8. Each sibling’s perception of their childhood is a little different. How does each one’s personality play into what he or she remembers about the past?
9. Throughout this story, Laura struggles with believing and disbelieving her sister and their mother. As a reader, did you find yourself going through the same struggle?
10. Why do you think Laura’s father decided not to tell Laura what happened?

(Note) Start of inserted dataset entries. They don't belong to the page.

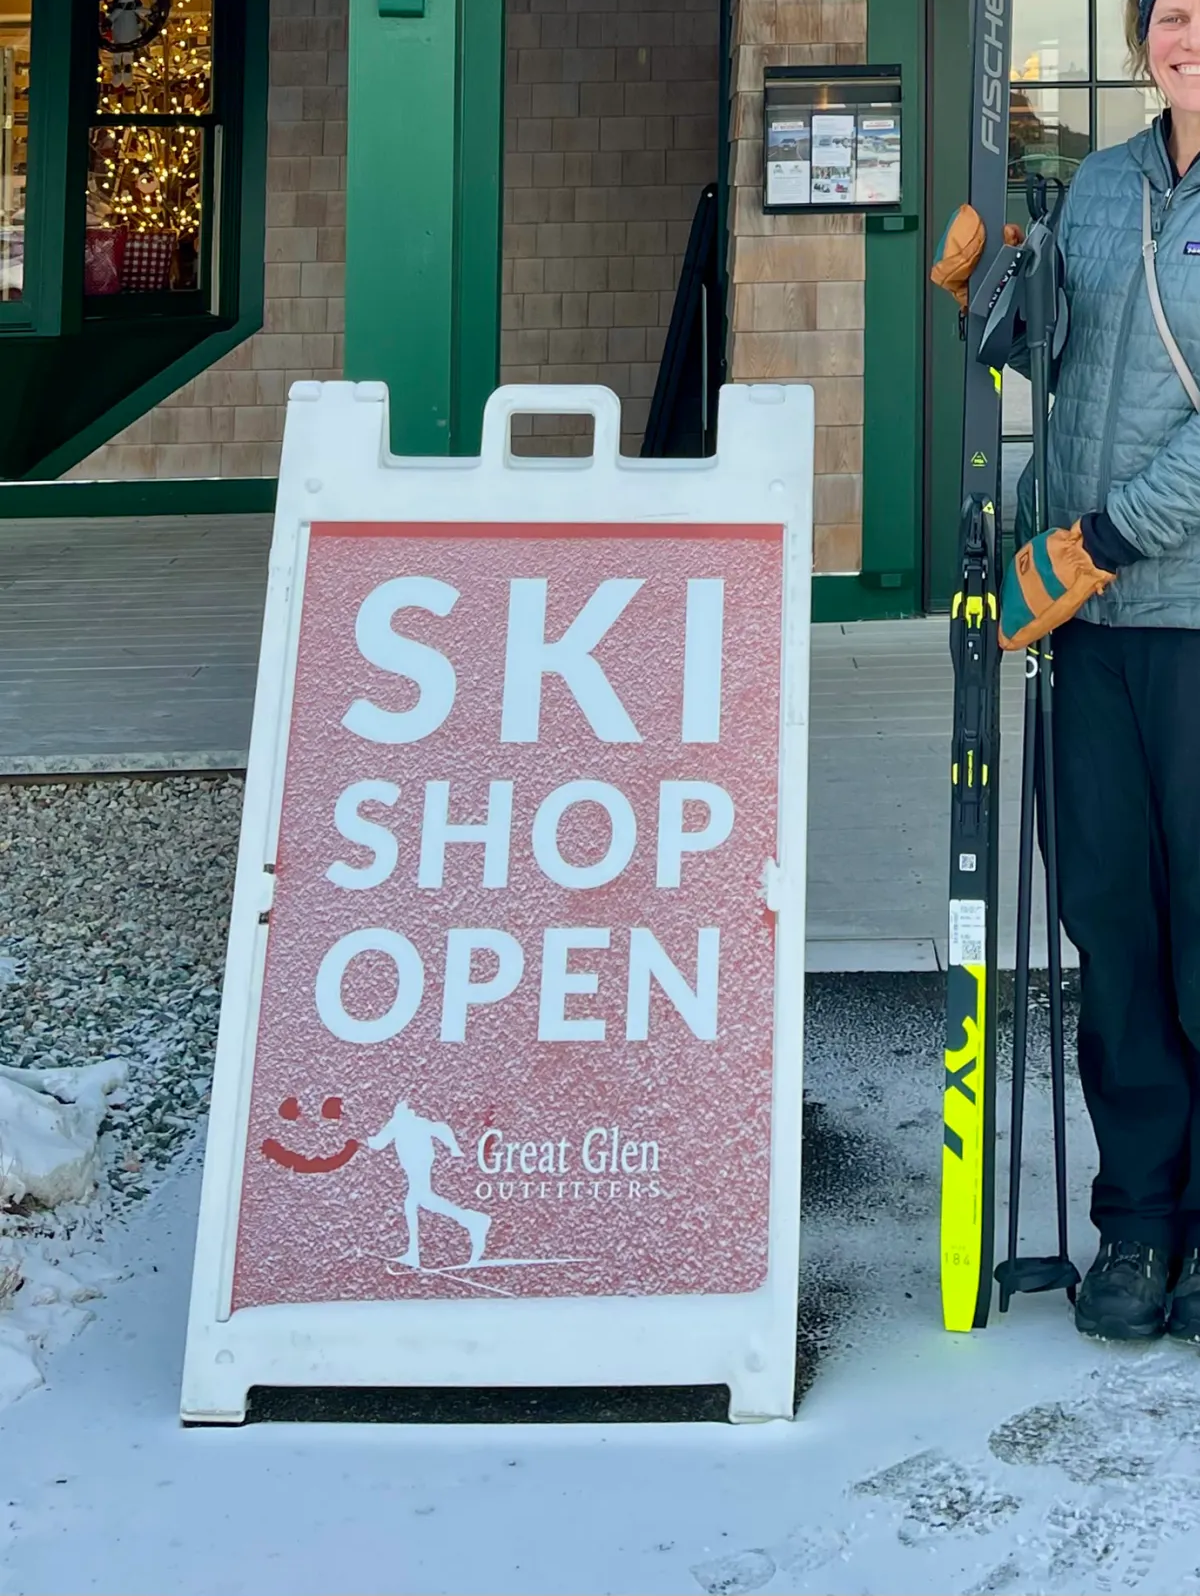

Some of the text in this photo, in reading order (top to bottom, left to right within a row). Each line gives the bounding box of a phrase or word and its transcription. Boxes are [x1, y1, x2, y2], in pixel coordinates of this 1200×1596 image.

[340, 575, 727, 745] SKI
[325, 778, 737, 891] SHOP
[314, 926, 722, 1044] OPEN
[475, 1180, 661, 1200] OUTFITTERS
[477, 1125, 660, 1174] Great Glen

11. Laura’s husband, Pete, changes her perspective on his parents, whom she has idolized as particularly loving and kind parents, by telling her the story of how his father would spank him and swear at him. Later, Laura wonders what part of her parents’ marriage she couldn’t see or understand: “I stood in my parents’ bedroom,thinking about what their life together was really like. I recalled various things we kids witnessed—the kisses hello and goodbye, the stereotypical sharing of household tasks—and I wondered about what we didn’t see.” How are our experiences shaped by our individual perception? Can “truth” ever really be discerned from memories that we know are not 100 percent foolproof?

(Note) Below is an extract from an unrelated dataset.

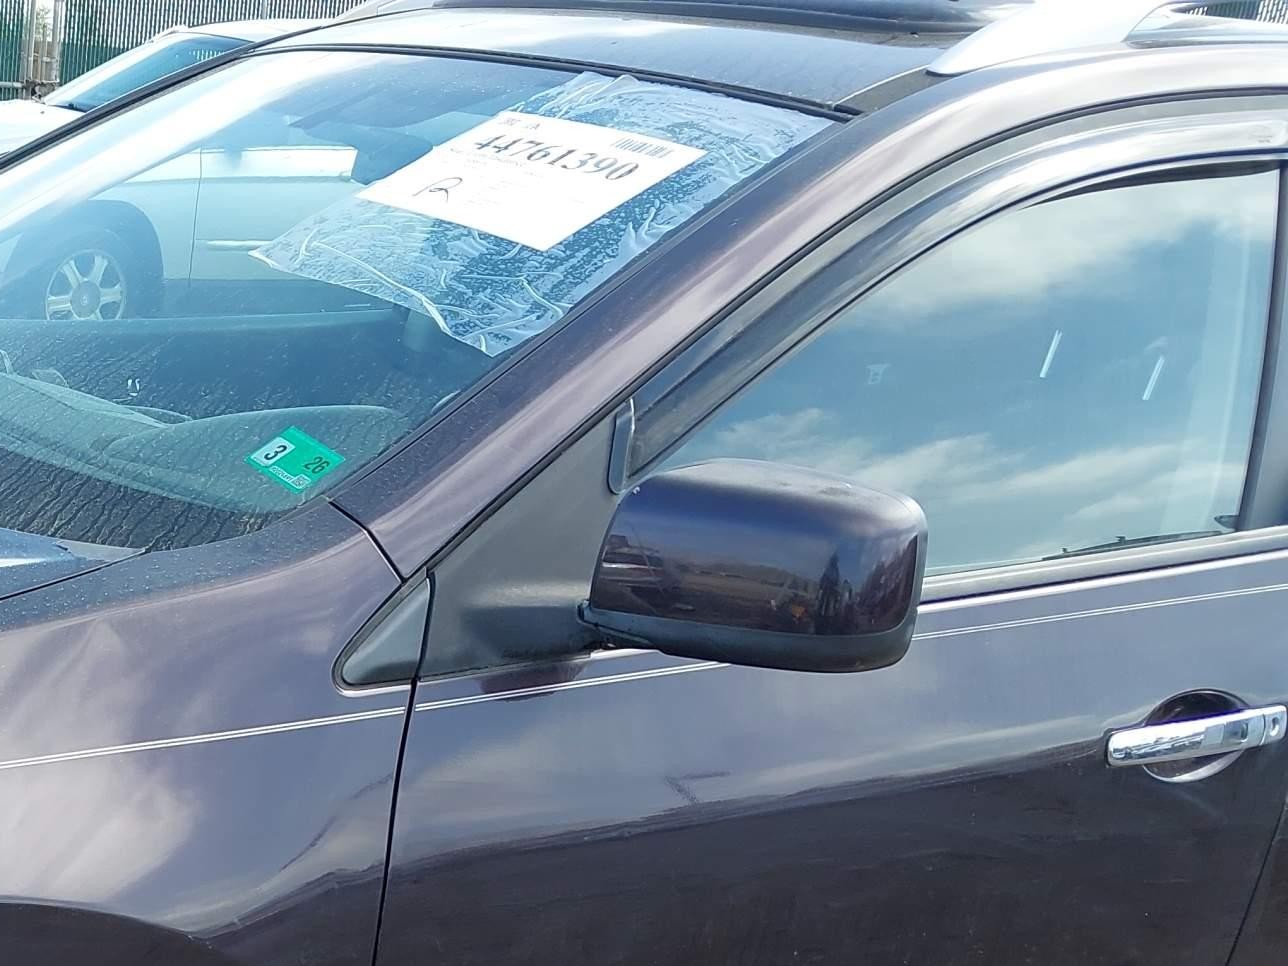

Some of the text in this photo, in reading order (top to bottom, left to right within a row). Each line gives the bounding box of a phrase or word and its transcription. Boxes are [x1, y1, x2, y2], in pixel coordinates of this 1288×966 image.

[475, 134, 640, 181] 44761390
[263, 444, 288, 461] 3
[304, 456, 330, 474] 26

12. Some researchers talk about families as social organisms that have a life outside of the individual’s experience. Do you think families have collective memories, or are a family’s memories just individual perceptions held together by emotional bonds? Explain.
13. Laura tells the reader that her sister’s decision to invite their mother to have a brownie and go shopping means that Caroline wants to start over. Did you read it that way? Did Caroline ’s shift from anger to forgiveness feel authentic to you?
14. How do the generational differences between Laura and her mother play out? How do you think the lack of choices women of a certain generation had in their personal lives have affected this family?
15. Caroline is a difficult person for her family to relate to and like. Late in The Art of Mending, Aunt Fran says to Laura, “And the other part, I must tell you, was Caroline herself. She was a difficult child. Surely you remember that! She remains difficult today; that woman cannot settle down inside herself. I love her, truly, but she is a tortured soul. It is not easy to be around her—not then, not now. You’ve had good luck with your children, Laura. I don’t know if you’ve ever thought about what it would be like to have a child like Caroline.” Do you agree with Aunt Fran that Caroline was born difficult, or do you think she was transformed into the difficult person she is by the circumstances of her relationship with her mother? As a reader, did you find yourself struggling to sympathize with Caroline? If so, how did that affect your understanding of the story?